The architecture nexus should handle allocation and release of memory and
interrupts. These need to be visible to the rest of the kernel and not
hidden in the OpenFirmware code.
This is a very early tentative proposal. The issue is without this resource allocations which get to the nexus may be given ranges overlapping with what the OpenFirmware code has. Two drivers trying to use the same physical address range will be Bad(tm).
Looks like every variant of nexus.c except for PPC is already prepared to handle memory/interrupt allocations and therefore the correct solution is to simply forward all allocations to the nexus. There is likely a need to introduce similar code in sys/powerpc/powerpc/nexus.c.
Trick would then be every variant of sys/*/*/nexus.c would have mostly identical code for handling these allocations. Time to introduce sys/dev/bus/root.c? Difficulty here is there is no architecture-independent function for retrieving the highest physical address (for mem_rman.rm_end).
This is needed for the attempt at getting Xen operational on ARM. When running on Xen there is a need to allocate physical addresses and tell the hypervisor to map virtual devices there. If both nexus.c and ofwbus.c only have part of the story of which physical addresses are used, trouble will ensue.
To state the problem as I understand it: ofwbus fails to reserve or report its resource usage back to nexus, violating an assumption of newbus. This is of no consequence when all devices allocate resources through ofwbus, but becomes an issue when a child of nexus needs to allocate an unused resource region (this will be the case for Xen's PV bus on arm64).

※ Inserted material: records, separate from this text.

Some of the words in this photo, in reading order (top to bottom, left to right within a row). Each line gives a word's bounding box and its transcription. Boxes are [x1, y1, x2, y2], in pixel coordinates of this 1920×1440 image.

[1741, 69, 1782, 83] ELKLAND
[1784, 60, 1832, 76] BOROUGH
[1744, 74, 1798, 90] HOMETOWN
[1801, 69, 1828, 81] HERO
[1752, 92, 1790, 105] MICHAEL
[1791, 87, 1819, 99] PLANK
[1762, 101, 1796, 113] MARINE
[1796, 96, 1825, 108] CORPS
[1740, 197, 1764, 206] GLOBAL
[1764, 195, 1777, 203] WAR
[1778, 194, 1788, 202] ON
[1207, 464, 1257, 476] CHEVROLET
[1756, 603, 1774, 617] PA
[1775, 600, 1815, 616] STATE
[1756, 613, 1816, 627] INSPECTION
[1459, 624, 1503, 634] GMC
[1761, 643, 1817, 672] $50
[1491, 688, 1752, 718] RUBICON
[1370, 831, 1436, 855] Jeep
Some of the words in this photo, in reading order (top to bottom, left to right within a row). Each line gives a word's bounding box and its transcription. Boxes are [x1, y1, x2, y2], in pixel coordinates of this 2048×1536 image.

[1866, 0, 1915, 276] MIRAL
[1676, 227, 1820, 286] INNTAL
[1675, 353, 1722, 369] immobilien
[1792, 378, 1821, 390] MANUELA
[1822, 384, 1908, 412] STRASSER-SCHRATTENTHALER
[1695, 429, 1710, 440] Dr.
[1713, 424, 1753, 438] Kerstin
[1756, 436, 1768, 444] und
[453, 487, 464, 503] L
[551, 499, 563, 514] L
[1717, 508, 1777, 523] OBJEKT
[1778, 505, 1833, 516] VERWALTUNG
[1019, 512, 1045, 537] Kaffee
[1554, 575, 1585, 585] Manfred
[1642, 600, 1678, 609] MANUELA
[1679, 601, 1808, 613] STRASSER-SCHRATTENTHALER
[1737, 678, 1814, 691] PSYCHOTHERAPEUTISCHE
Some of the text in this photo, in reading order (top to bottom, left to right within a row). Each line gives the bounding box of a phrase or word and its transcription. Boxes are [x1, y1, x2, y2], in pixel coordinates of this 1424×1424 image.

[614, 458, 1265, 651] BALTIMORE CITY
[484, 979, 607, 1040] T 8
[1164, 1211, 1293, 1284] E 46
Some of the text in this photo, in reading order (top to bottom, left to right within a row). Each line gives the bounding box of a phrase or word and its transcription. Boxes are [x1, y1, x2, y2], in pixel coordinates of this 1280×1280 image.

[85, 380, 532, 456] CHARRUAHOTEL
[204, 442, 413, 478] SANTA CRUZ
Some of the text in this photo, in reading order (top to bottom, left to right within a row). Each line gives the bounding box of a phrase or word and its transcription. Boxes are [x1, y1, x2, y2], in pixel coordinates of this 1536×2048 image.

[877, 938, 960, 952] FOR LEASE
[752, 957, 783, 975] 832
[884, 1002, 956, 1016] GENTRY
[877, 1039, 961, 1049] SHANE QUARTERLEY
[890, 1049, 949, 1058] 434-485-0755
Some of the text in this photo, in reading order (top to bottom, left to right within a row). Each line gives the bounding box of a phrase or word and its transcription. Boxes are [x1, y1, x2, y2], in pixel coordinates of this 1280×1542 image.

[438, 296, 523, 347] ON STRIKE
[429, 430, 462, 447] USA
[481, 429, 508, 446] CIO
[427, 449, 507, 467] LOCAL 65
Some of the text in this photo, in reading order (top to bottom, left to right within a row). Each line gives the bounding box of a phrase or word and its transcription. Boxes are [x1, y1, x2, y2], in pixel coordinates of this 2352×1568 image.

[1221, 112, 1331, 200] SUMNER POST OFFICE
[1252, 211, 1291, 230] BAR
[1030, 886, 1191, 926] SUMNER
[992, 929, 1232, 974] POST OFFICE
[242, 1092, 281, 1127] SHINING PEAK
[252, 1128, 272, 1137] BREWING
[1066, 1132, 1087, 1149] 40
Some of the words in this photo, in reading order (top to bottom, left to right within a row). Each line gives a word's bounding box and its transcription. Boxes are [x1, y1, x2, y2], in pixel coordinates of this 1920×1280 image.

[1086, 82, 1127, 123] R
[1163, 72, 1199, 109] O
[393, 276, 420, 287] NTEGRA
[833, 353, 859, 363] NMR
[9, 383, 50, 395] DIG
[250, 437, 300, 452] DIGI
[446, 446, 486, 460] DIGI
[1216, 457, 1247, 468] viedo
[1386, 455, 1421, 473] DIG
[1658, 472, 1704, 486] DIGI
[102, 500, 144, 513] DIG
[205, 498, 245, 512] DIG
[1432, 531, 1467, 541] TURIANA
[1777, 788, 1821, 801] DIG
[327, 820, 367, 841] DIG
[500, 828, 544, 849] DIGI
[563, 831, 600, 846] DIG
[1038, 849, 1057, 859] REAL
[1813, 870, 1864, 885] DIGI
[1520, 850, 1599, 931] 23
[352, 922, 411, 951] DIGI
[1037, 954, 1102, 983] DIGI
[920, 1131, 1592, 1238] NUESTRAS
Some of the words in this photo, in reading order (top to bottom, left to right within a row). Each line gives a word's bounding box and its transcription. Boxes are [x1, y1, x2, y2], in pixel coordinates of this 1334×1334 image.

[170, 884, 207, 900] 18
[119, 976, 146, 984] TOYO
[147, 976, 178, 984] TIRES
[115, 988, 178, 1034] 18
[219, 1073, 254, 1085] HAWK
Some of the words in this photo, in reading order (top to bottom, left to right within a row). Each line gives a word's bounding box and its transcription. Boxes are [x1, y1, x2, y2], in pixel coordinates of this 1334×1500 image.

As you point out, simply removing these routines is an insufficient solution on powerpc; instead, they should probably be moved back into powerpc's nexus.c. Other architectures are set up to handle allocations from nexus already, but we would need verify that things still behave properly on each platform if this change is applied.
Tagging @nwhitehorn, who might have input on this.
@mhorne, you got it exactly right. Issue is ofwbus is keeping everything to itself, which is fine if *everything* goes through ofwbus, but a major problem for anything independent of ofwbus (such as Xen PV).
I hadn't tracked down when it happened, so that is interesting to see it originated on PPC. Thing is what was being done was almost right. Quite a bit of sys/*/*/nexus.c is common code which should be merged together, but it needs to move to a nexus_common.c or root.c which is $somewhere (sys/dev? sys/kern?).
Updating with a potential move to sys/powerpc/powerpc/nexus.c. I've tried to move this a bit closer to the other nexuses. Most others use static variables in the file, rather than the softc. I've also opted to limit the regions for the resource managers since the resource manager code actually breaks when you use the 0 to ~0 range.
Okay, I was able to boot this on a few devices for arm, arm64, and riscv.
For arm, I needed to add an intr_rman and its handling to its nexus bus (see D32357).
Otherwise, devices attached fine and I was able to see that the expected changes in the output of devinfo -u; that is, the same resources allocated from ofwbus are now allocated from nexus. Check out P517 and P518.
I was unable to test mips, mainly since the only platform I have access to (MALTA64 in QEMU) does not use FDT. Given the state of the port and its planned removal from CURRENT, this shouldn't be a blocker.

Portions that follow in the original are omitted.